**Brief:** If a record holds a picture, leave the picture out and restate everything else word for word.

• • • •

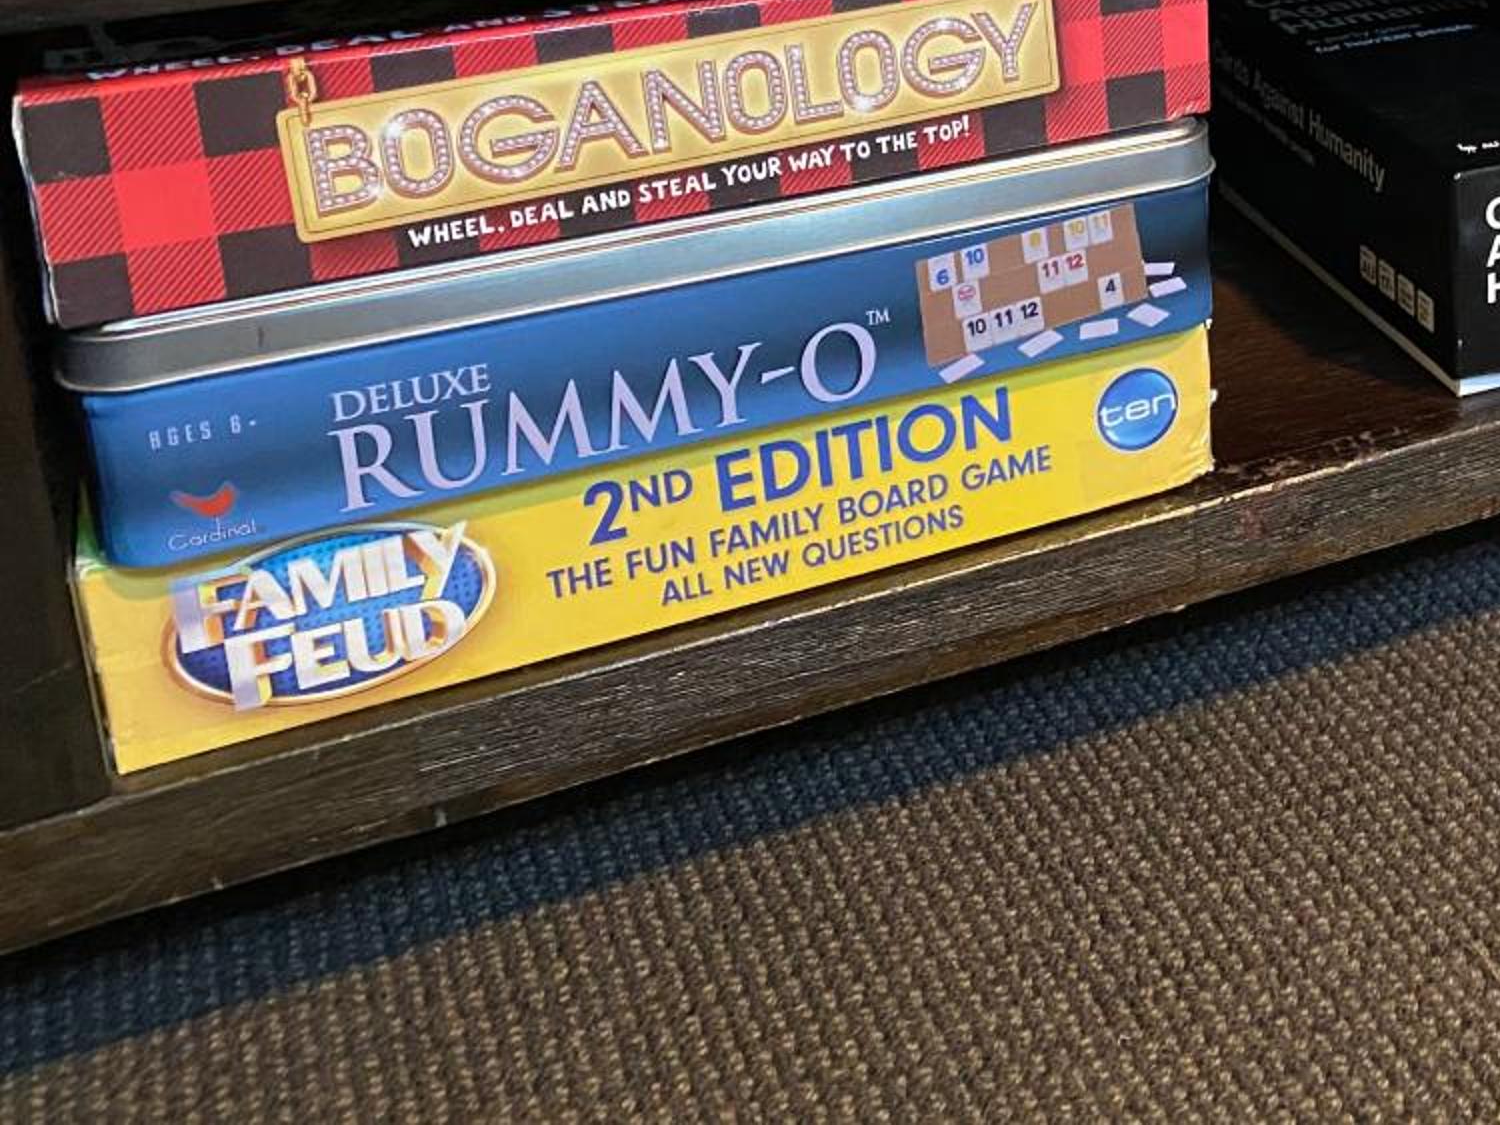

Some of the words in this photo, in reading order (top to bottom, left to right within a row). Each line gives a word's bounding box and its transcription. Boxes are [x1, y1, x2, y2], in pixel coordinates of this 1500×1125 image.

[302, 0, 1039, 216] BOGANOLOGY
[510, 200, 574, 229] DEAL
[581, 189, 632, 215] AND
[637, 172, 717, 204] STEAL
[720, 157, 784, 189] YOUR
[787, 144, 837, 174] WAY
[841, 138, 871, 162] TO
[876, 130, 919, 156] THE
[921, 113, 971, 143] TOP!
[966, 248, 985, 266] 10
[1042, 260, 1060, 278] 11
[1065, 254, 1085, 271] 12
[936, 269, 950, 286] 6
[1105, 278, 1116, 294] 4
[967, 318, 987, 336] 10
[995, 309, 1013, 328] 11
[1020, 302, 1039, 319] 12
[329, 363, 491, 422] DELUXE
[1099, 390, 1176, 428] ten
[326, 322, 878, 512] RUMMY-O
[583, 468, 693, 546] 2ND
[715, 387, 1014, 513] EDITION
[167, 517, 257, 552] Cardinal
[546, 556, 613, 600] THE
[625, 536, 696, 580] FUN
[709, 504, 825, 559] FAMILY
[836, 471, 949, 524] BOARD
[960, 444, 1054, 488] GAME
[660, 571, 714, 607] ALL
[723, 550, 790, 589] NEW
[801, 503, 965, 567] QUESTIONS
[167, 520, 467, 655] FAMILY
[223, 599, 468, 713] FEUD

• • • •

**Reply:**
Some of the words in this photo, in reading order (top to bottom, left to right within a row). Each line gives a word's bounding box and its transcription. Boxes are [x1, y1, x2, y2], in pixel coordinates of this 1500×1125 image.

[302, 0, 1039, 216] BOGANOLOGY
[510, 200, 574, 229] DEAL
[581, 189, 632, 215] AND
[637, 172, 717, 204] STEAL
[720, 157, 784, 189] YOUR
[787, 144, 837, 174] WAY
[841, 138, 871, 162] TO
[876, 130, 919, 156] THE
[921, 113, 971, 143] TOP!
[966, 248, 985, 266] 10
[1042, 260, 1060, 278] 11
[1065, 254, 1085, 271] 12
[936, 269, 950, 286] 6
[1105, 278, 1116, 294] 4
[967, 318, 987, 336] 10
[995, 309, 1013, 328] 11
[1020, 302, 1039, 319] 12
[329, 363, 491, 422] DELUXE
[1099, 390, 1176, 428] ten
[326, 322, 878, 512] RUMMY-O
[583, 468, 693, 546] 2ND
[715, 387, 1014, 513] EDITION
[167, 517, 257, 552] Cardinal
[546, 556, 613, 600] THE
[625, 536, 696, 580] FUN
[709, 504, 825, 559] FAMILY
[836, 471, 949, 524] BOARD
[960, 444, 1054, 488] GAME
[660, 571, 714, 607] ALL
[723, 550, 790, 589] NEW
[801, 503, 965, 567] QUESTIONS
[167, 520, 467, 655] FAMILY
[223, 599, 468, 713] FEUD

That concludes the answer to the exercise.